I haven’t moved since my eyes opened, still in a state of uncertainty due to the surrounding darkness. Scared to move for fear of injury or falling or stepping on something. That’s reasonable, right? No one likes stepping on cockroaches in the night or walking into door frames.

Can’t stay here forever though. Especially since I’m not exactly sure where “here” is. Feeling around carefully, I seem to be on a bench or a table. It’s hard and uncomfortable, I know that much, probably explains why it feels like I’ve been lying here for a week.

Sitting up. I hear what sounds like an elevator.

But woah, really should’ve done that slower. You know that disconcerting sensation of all the blood rushing away from your head as though you’re about to…

XXXVII

This is a story of discovery.

Growing up we were taught how more than 80% of the ocean remained completely unexplored by mankind, and that less than 10% of all marine life had been identified. Almost inconceivable just how little we knew about the world lurking beneath the surface.

But the curiosity of man, and humans being humans, we just couldn’t leave well enough alone. The next great “space race” playground for those with more money than morals. Billions of dollars spent traversing the deepest darkest crevasses seeking a groundbreaking oceanic discovery. And money, obviously.

Looking back it began with a specific sequence of minor, largely ignored, tremors in the southern Atlantic.
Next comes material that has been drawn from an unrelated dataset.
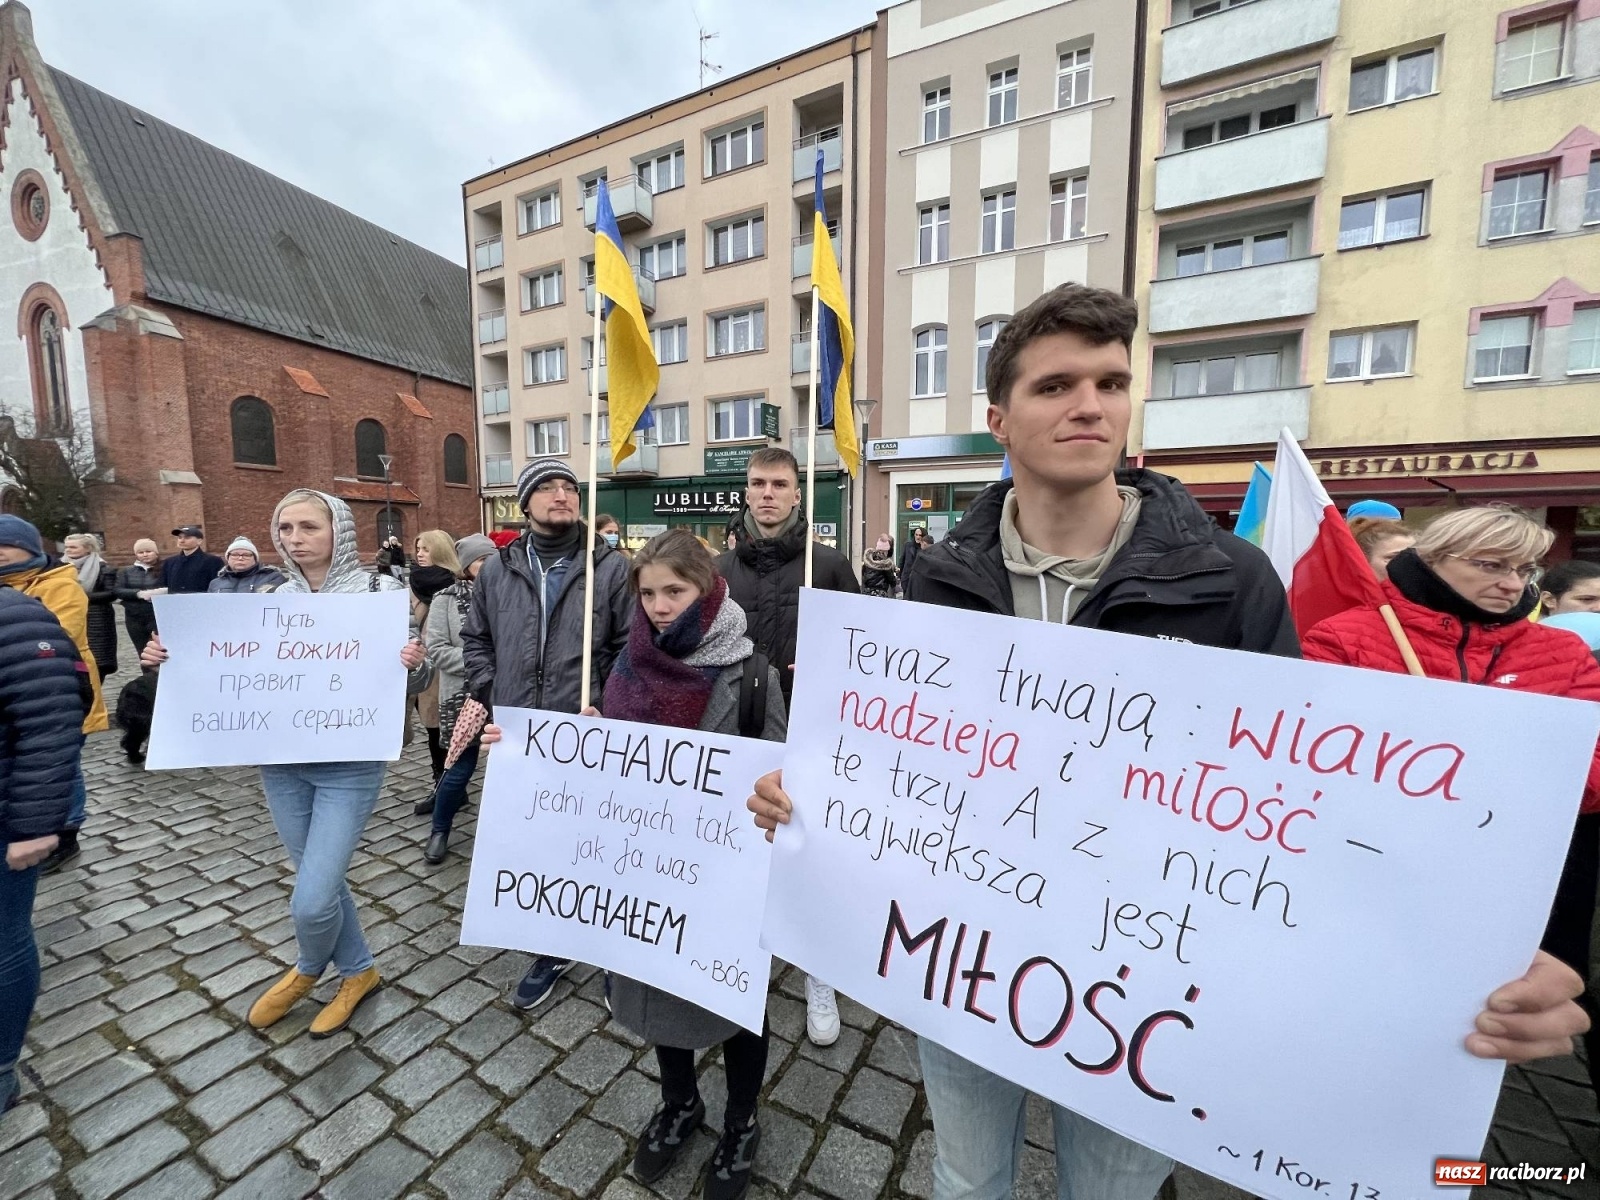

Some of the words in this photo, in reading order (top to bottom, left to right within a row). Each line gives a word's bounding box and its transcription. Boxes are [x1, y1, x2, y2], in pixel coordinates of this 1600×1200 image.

Then in the mid Pacific a ring of undocumented, long dormant, submarine volcanoes roared to life for the first time in millennia, triggering massive ash fallout and widespread tsunamis along the eastern seaboard of the Americas and throughout most of south-east Asia.

Far from the seasonal environmental disruption resulting from the spiralling climate crisis that humanity had long become numb towards, this event would catch the attention of the entire globe. And with good reason.

This isn’t a story of what we found, it’s a story of what found us.

IV

Their nightly routine was always the same.

“Sam, it’s time to go to sleep, lights out…”,

“But Mum,” he protested, “I don’t like the darkness, I’m afraid of the monster in the closet”,

It was always the same reason, like a recording being played back repetitively for comedic effect. The response of Sam’s mother too was always the same.

“Sam, we’ve been over this, there are no monsters in your closet, I promise. You’re perfectly safe in bed.”

Sitting bolt upright, arms crossed, Sam would never back down. The resulting compromise was always to leave the night light on.

The soft yellow glow of the night light was just right, and as always its presence ended the nightly battle peacefully.

Even better yet, it perfectly masked the pair of glowing yellow eyes that belonged to the creature Sam’s parents kept under his bed.

XXXVI

Five years on from being unceremoniously ousted from the Wayne Enterprises board by a group loyal to his father’s original vision for the company, Detective Bruce Wayne now spends his daylight hours working at the GCPD cleaning up the loose ends that Batman can’t.

By night, Batman’s ongoing dance with Gotham’s colourful underworld has recently become intertwined with the pursuit of a mysterious new vigilante in town, Eko. Seemingly sharing a common enemy, Eko’s motives seem well intentioned, but their methods cross moral lines that have becoming increasingly difficult for Gotham’s heroic trinity to ignore.

As a chronostorm approaches, a deadly shift is about to ripple through the city, bringing with it new threats and allies, the fall of justice, and the rise of a dramatic redistribution of power that will result in the city’s long standing tribal lines of heroes vs villains being blurred, forever changing Gotham’s future … and it’s past.